Преступники и преступления. Законы преступного мира. 100 дней в СИЗО - Маруга Валерий Михайлович. Страница 22

— Презервативы ваши или мои?

— Наши, — как по команде, хором и с облегчением выпалили вихрастые жеребцы.

Она, нисколько не стесняясь, раскованно и горячо ублажала их вместе и каждого в отдельности, требуя при этом удовлетворения и своих многочисленных секс-потребностей.

Расставаясь, все же заметила обессиленным и утомленным, выжатым, как лимоны, партнерам:

— Все замечательно, мальчики, но если на следующий раз прихватите третьего, будет просто класс.

Она возбуждалась от одного пылкого взгляда, чашечка крепкого кофе вводила ее в экстаз, а мужская рука на коленке разгоняла волны мелкой, похотливой дрожи от макушки до пяток, порождая бурные приливы жара и холода.

«В моей жизни нет ничего, кроме мужчин», — не уставала повторять свой излюбленный афоризм.

Конечно же, ее любвеобильностью пользовались по-разному. Те, что покрепче, удовлетворяли и получали свое удовольствие, а хилые слабачки, увиливая, лишь подшучивали, пытаясь плоским юмором припрятать половые изъяны своих прокуренных и спитых организмов.

Особо удавались шутки старшему оперуполномоченному капитану внутренней службы Гукину. Он играл Валей, как резиновой куклой, перебрасывая ее от одного зека к другому, вызывая единодушное хихиканье и громогласный хохот штабных рыцарей щита и кинжала.

— Слышь, Валюха, опять этот, как его, Будников к начальнику на прием рвется, требует операции на удаление пластмассового шарика из головки члена.

— Ну и что, сам себе вставил, пусть сам и вытаскивает.

— Да все правильно, только ведь дурью мается, жалобы пишет, угрожает своей кончиной. Ты бы глянула, успокоила. Лучше тебя ведь это никто не сделает.

И тюремный остряк вместе с сослуживцами прилипали к стеклам, выходившим в режимный двор, дабы с восторгом проследить за сияющей Пучковской, которая тут же, позванивая каблучками, устремилась к зарешеченным корпусам, немедленно реагируя на полученный сигнал.

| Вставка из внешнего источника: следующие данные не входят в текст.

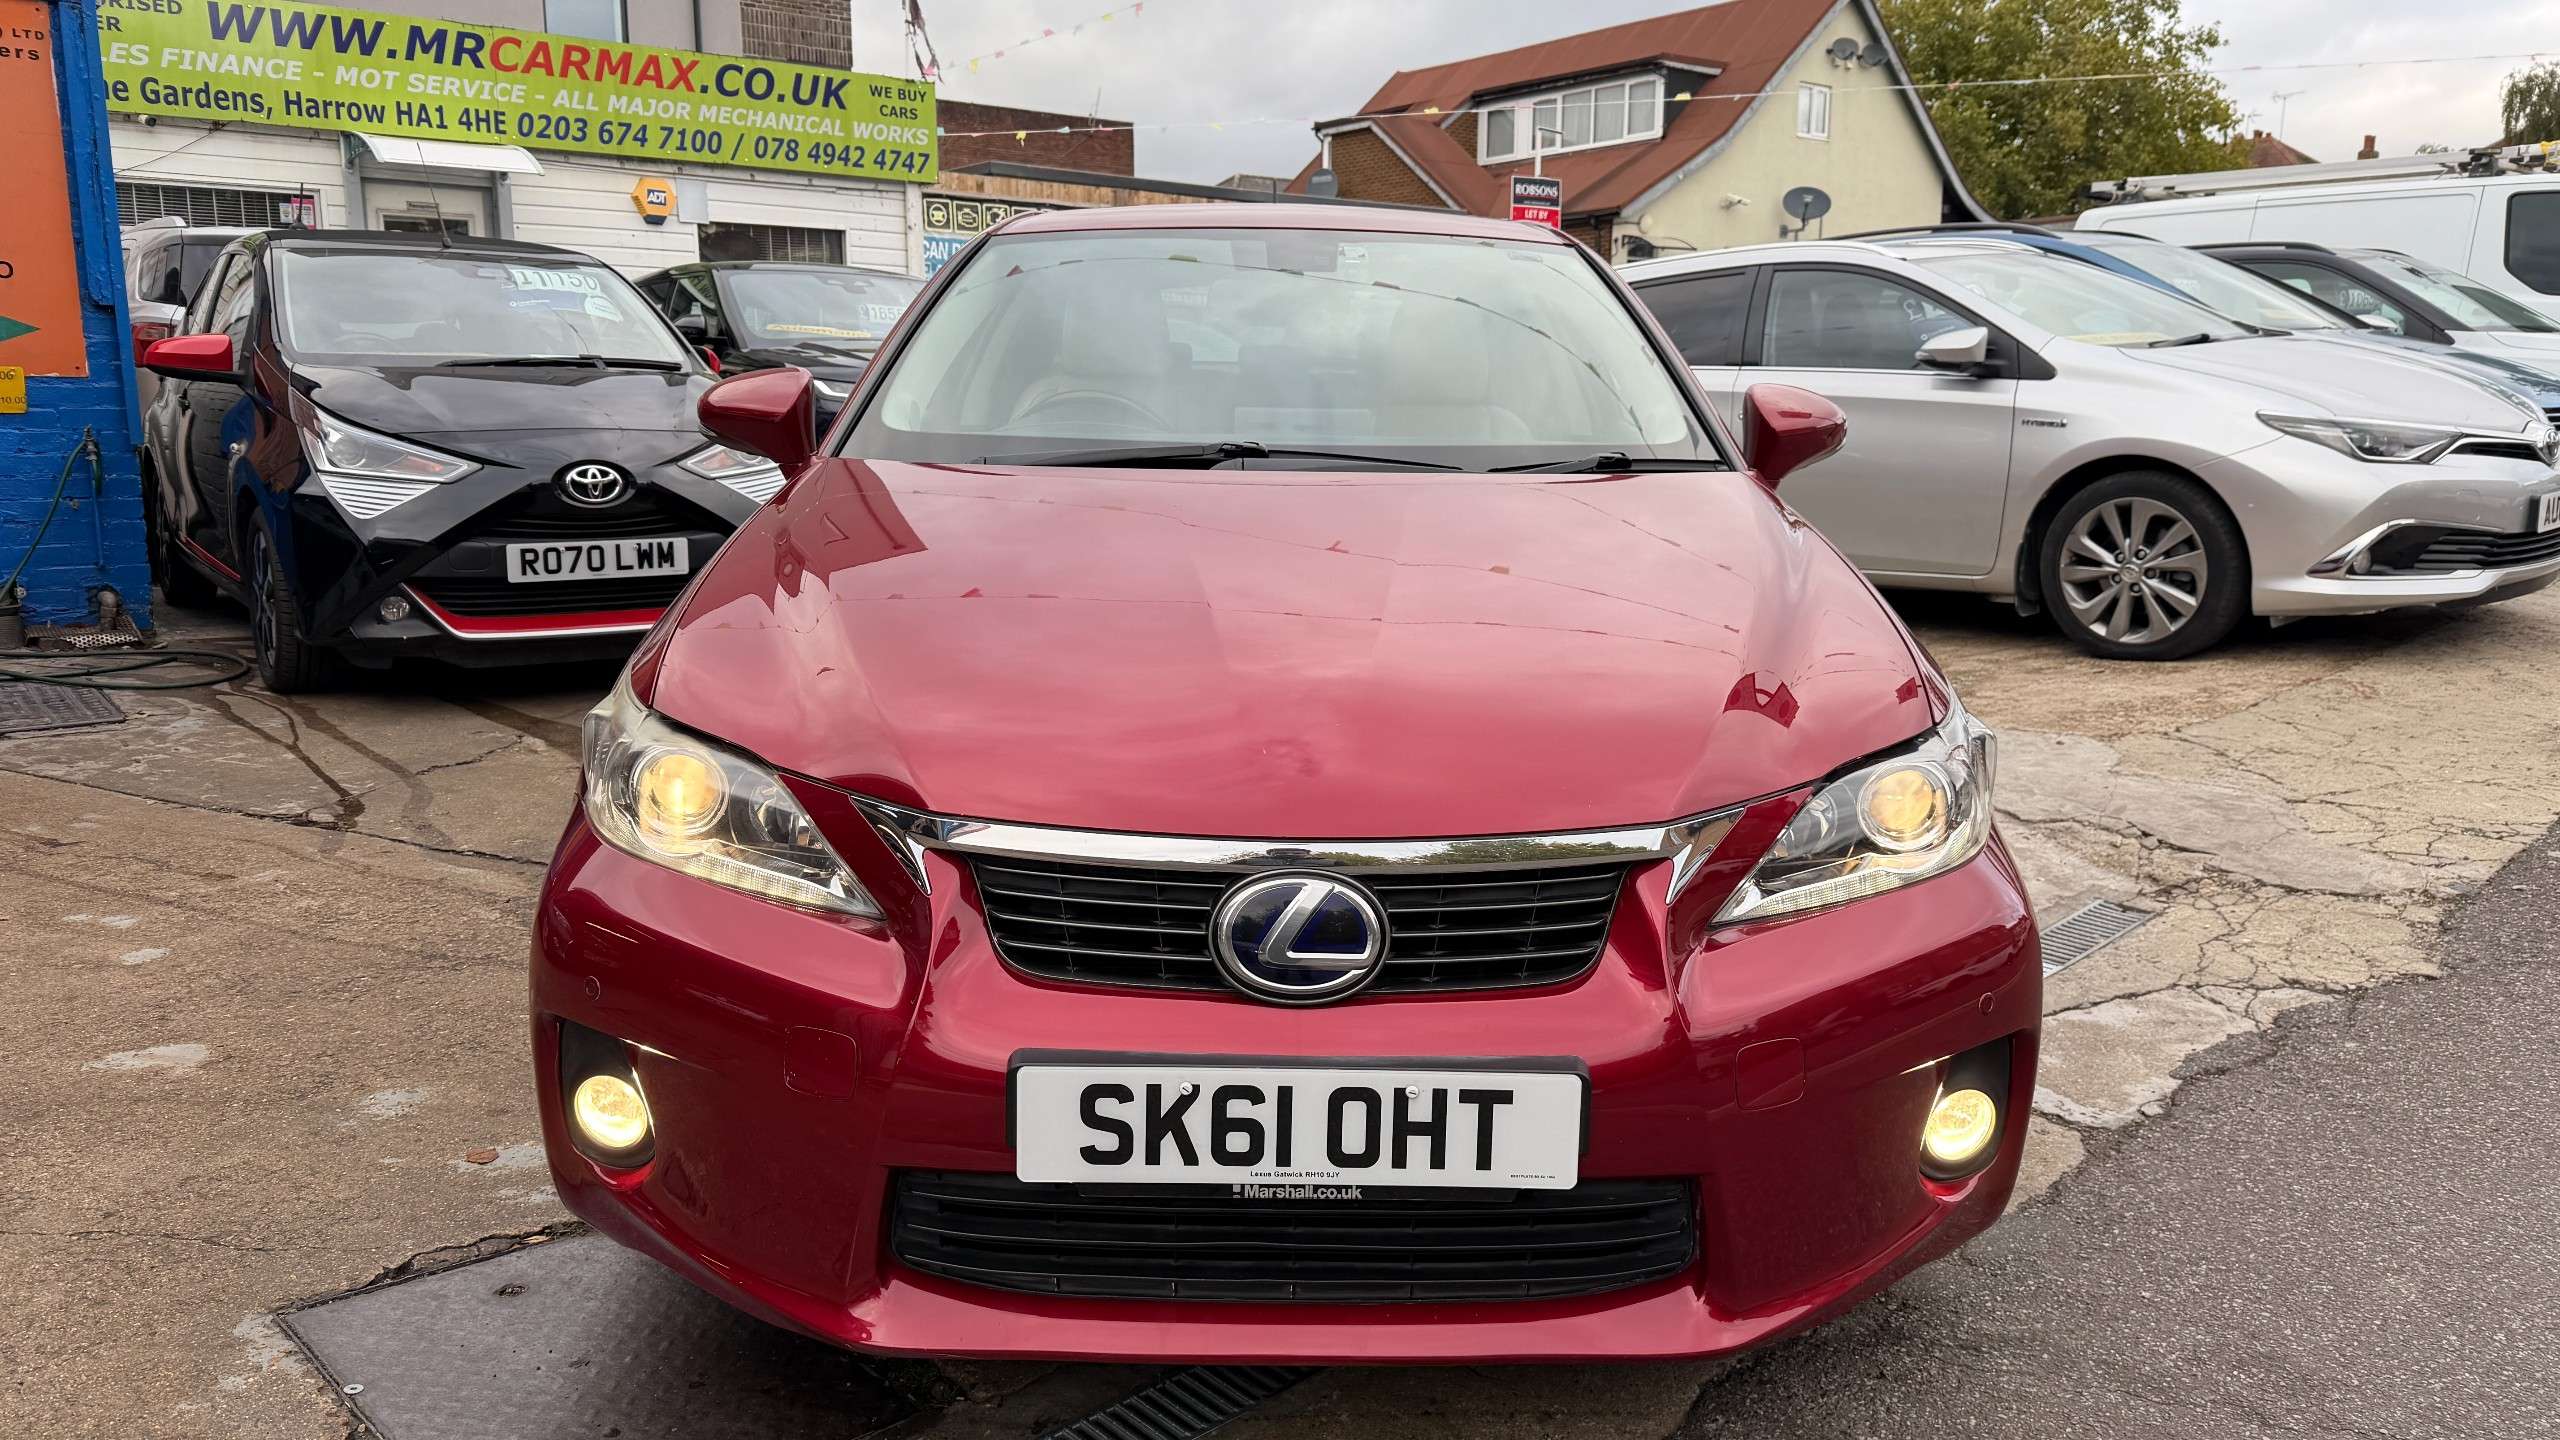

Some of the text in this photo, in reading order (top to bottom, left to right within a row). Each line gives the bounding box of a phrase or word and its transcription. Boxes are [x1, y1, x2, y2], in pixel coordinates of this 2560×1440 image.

Не успев остыть от первой удачи, самодовольный Гукин тут же подбрасывал второе задание:

— Алло, медчасть? Валя? Ты уж извини, опять тебя приходиться беспокоить. Я тут со своим человеком беседую из камеры девять, семь. Там есть такой Жуйкин, а у него, оказывается, член огромных размеров. То ли такой на самом деле, то ли опух. Вся камера в шоке, кипишует, требует либо лечить его, либо убрать в другую «хату». А у меня никаких резервов, сама знаешь, все камеры переполнены. Глянь, пожалуйста, что там за исполин такой объявился.

И Валентина опять безропотно, с той же улыбкой, игриво покачивая бедрами, торопилась к очередному члену. Она любовалась ими, трогала, сжимала, растягивала, балдея от их быстрой реакции к затвердению и эрекции. Но и страдала при этом от невозможности реализовать и даже попробовать такое обилие мужской силы в количестве почти двух тысяч невостребованных единиц. Это было неосуществимо чисто технически, ибо рядом всегда находился контролер, а то и целых два с собакой, в зависимости от склонностей заключенного к утехам типа побега либо захвата заложников.

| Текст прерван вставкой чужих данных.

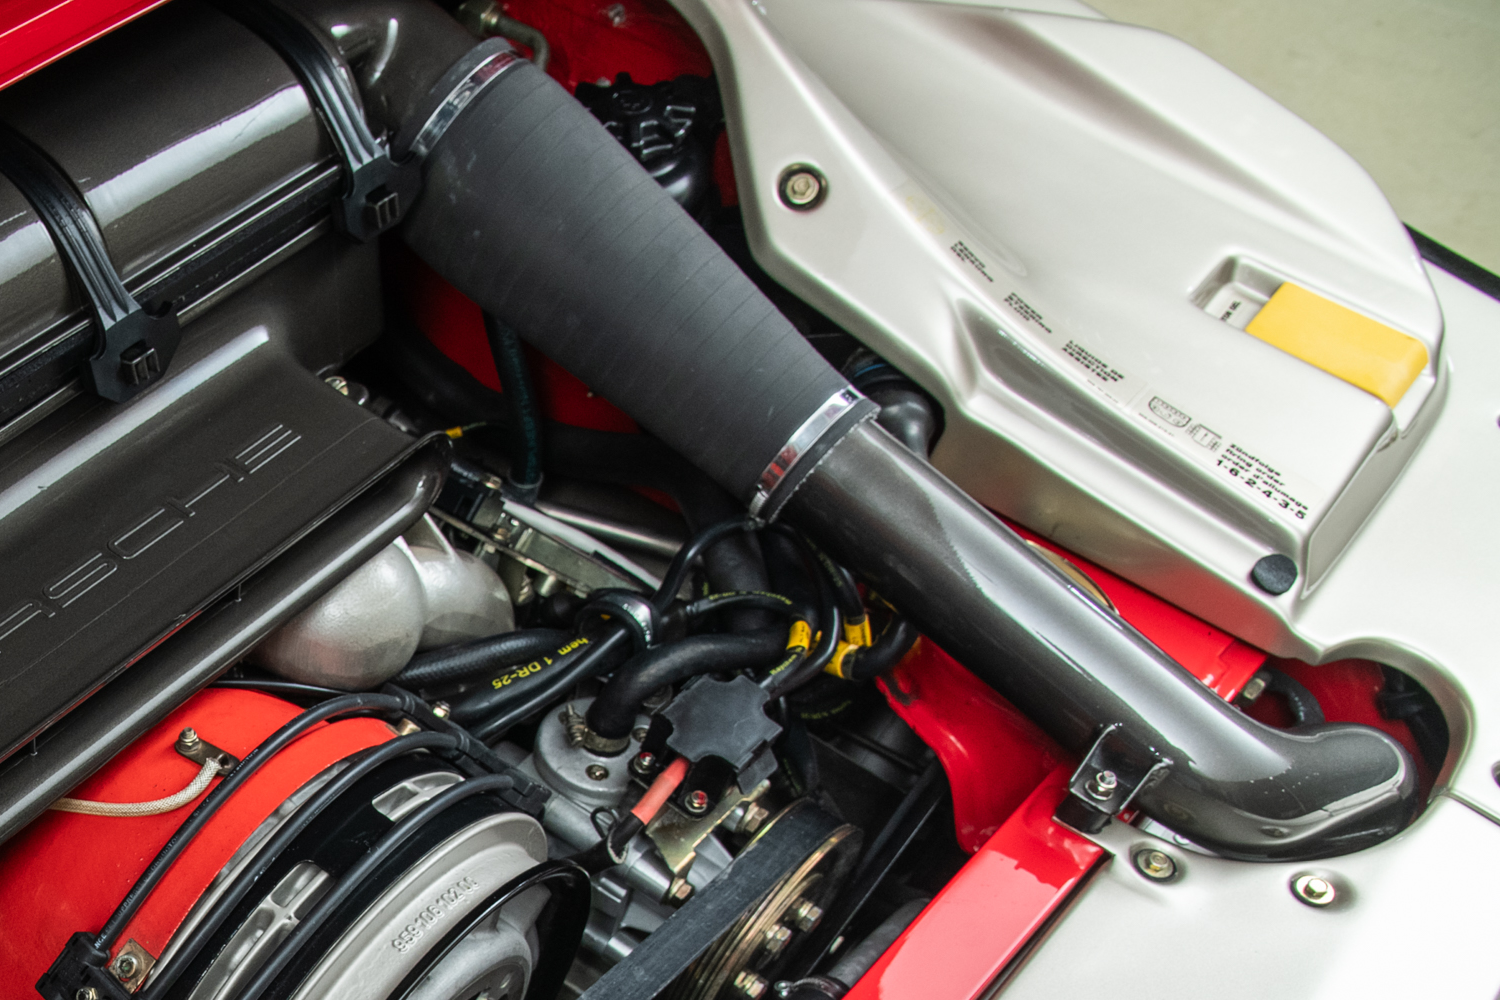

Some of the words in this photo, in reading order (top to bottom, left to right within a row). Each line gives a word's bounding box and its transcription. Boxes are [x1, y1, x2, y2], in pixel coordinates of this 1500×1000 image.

[1224, 447, 1253, 468] firing
[1254, 466, 1285, 488] order
[556, 632, 589, 660] hem
[489, 659, 542, 690] DR-25
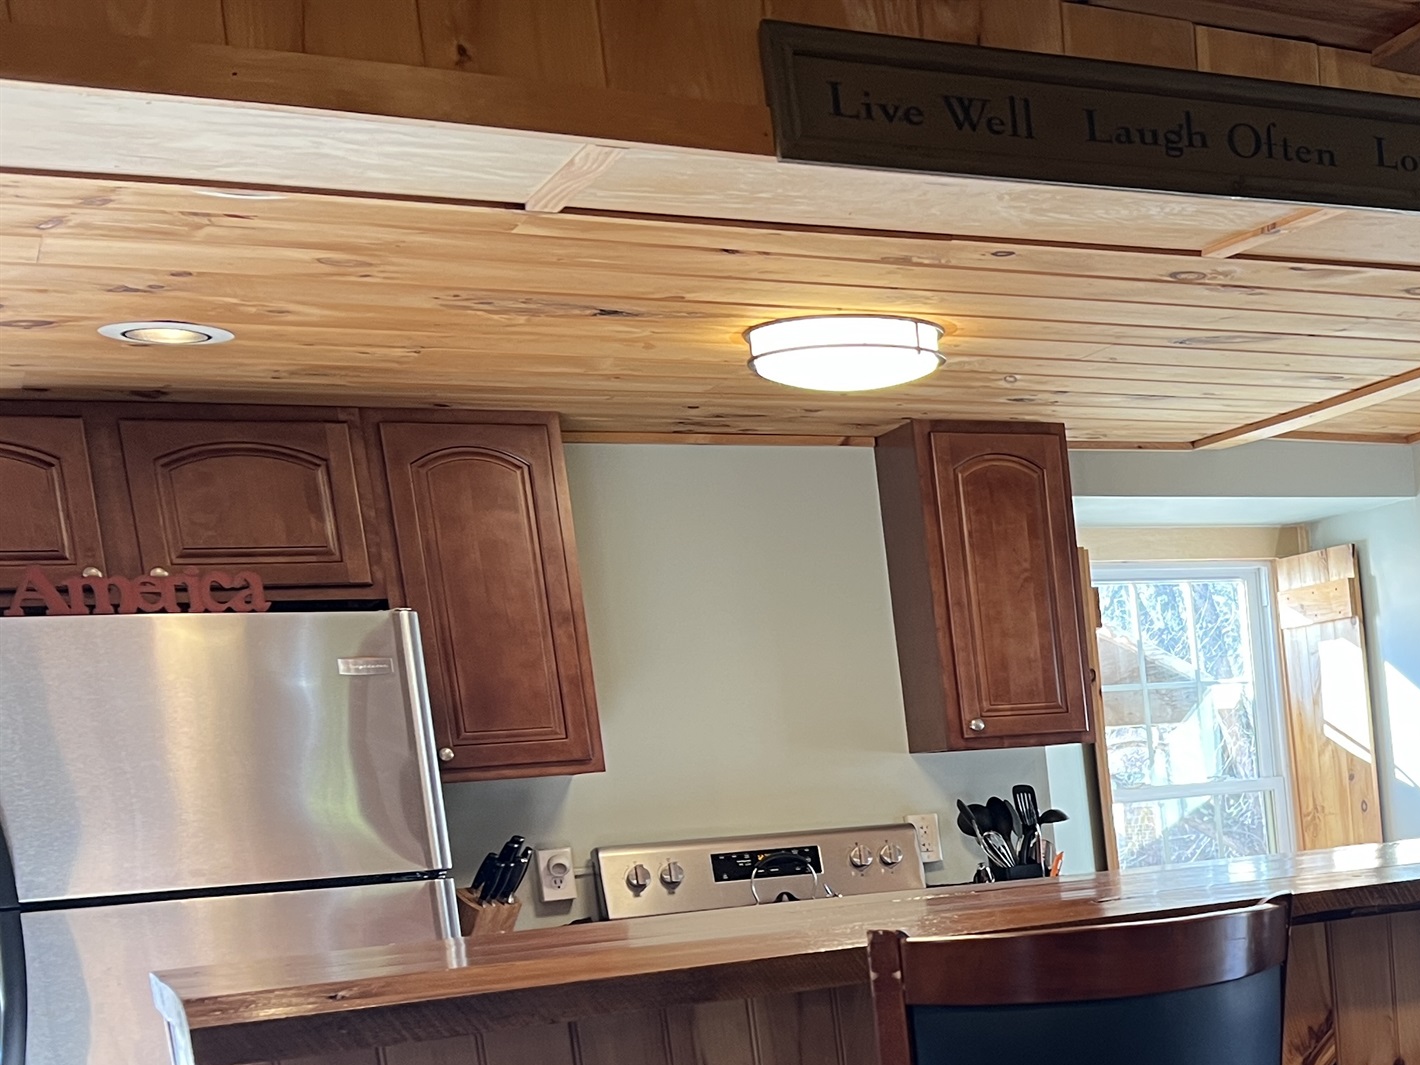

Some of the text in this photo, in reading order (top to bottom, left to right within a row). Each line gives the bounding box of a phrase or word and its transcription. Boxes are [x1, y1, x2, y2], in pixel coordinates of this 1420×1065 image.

[826, 80, 925, 127] Live
[942, 94, 1036, 140] Well
[1082, 107, 1210, 158] Laugh
[1227, 122, 1338, 167] Often
[4, 564, 272, 617] America

Озабоченные узники тоже настойчиво искали возможности встретиться с чувственным «доктором». Напрочь лишенные женских ласк, сходили с ума от одного прикосновения теплой мягкой ручки, на которую никогда не надевалась резиновая перчатка.

* * *

Так насыщенно и незаметно пробежали для Валентины два года работы в тюремной медчасти. За это время она многому научилась, многое уразумела, на многое решилась. Познавая уголовный мир, глубже проникала и в себя, в потайные и порочные уголки ненасытных, грешных побуждений, теряя остатки сдержанности и стыда.

Переспав буквально со всеми жаждущими ее офицерами и доброй половиной личного состава корпусных и контролеров, решилась на то, к чему испытывала неподвластное влечение, следуя древней тропой к непостижимой заманчивости и сладости запретного плода. Но теперь ее манил не только голый секс, а деловая сделка, сочетающая удовольствие с выгодой.

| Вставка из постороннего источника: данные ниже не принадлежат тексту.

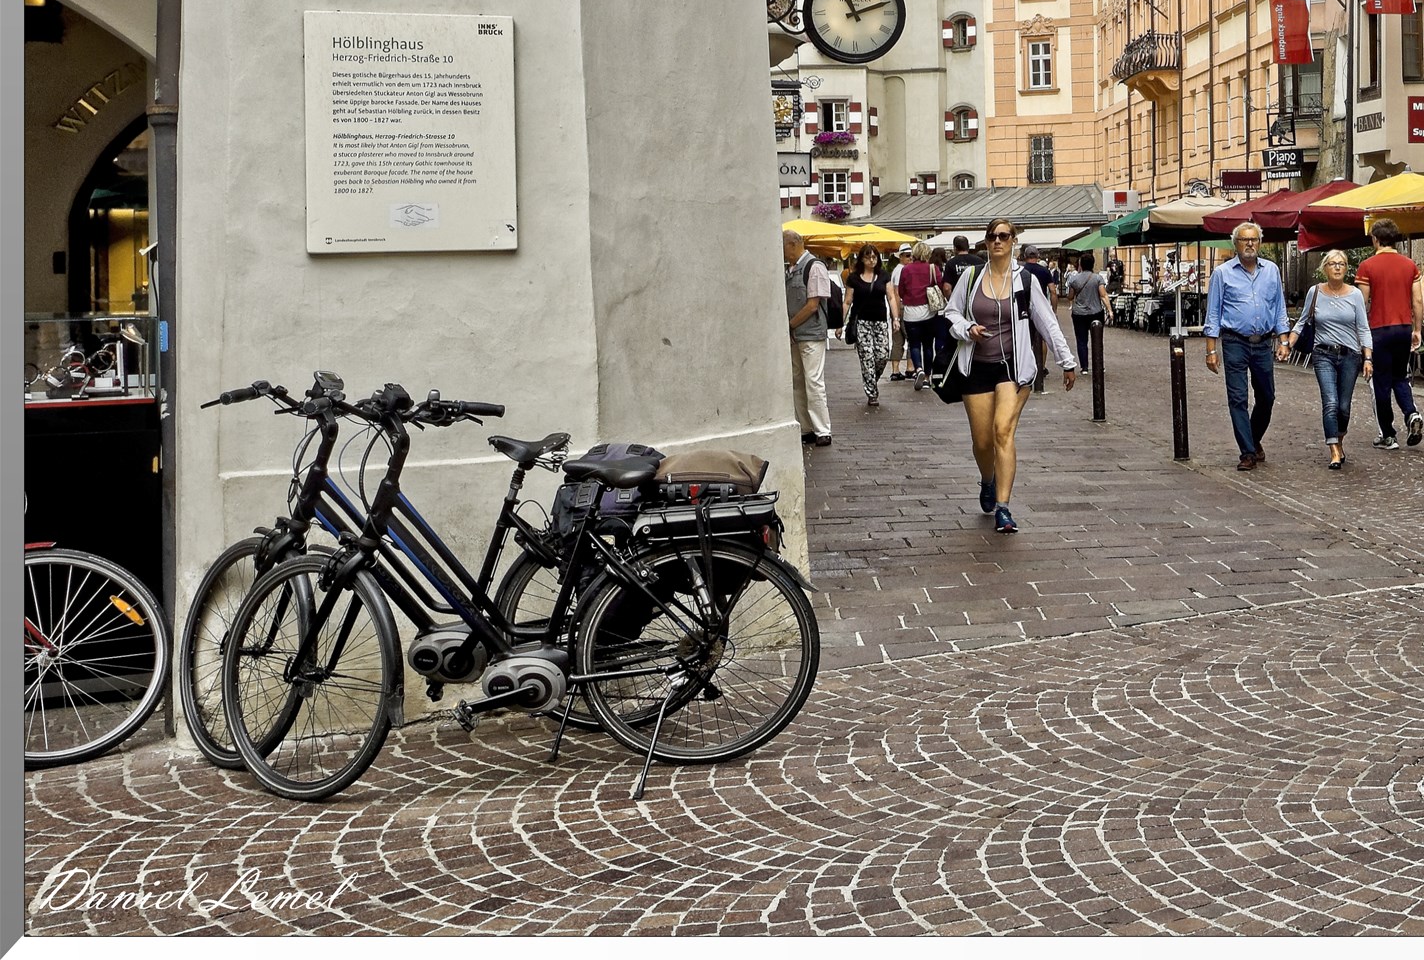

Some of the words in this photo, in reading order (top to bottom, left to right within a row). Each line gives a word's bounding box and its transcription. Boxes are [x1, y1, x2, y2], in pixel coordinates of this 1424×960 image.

И Пучковская незамедлительно начала действовать по заранее продуманному и взвешенному плану, все настойчивее теребить своего стареющего шефа просьбами о присвоении специального звания.

— Сергей Иванович, Сереженька, пойми, ну как я проживу на свою зарплату? Ты уйдешь в отставку, и меня сразу, как кошку, за борт выбросят. И некому будет даже заступиться. А если будет звание, пойдет выслуга… Тут и бабки, и паек, и льготы всякие. Со мной хоть как-то считаться будут…

Власюк не мог устоять, поскольку такие разговоры Валентина заводила до того, как позволяла ему побаловаться своим телом. Жеманилась и капризничала, доводя дряхлого любовника до белого каления.

— Так ты мне отказываешь?! — негодуя, шипел полковник, хватая ртом воздух, как рыба, выброшенная на берег.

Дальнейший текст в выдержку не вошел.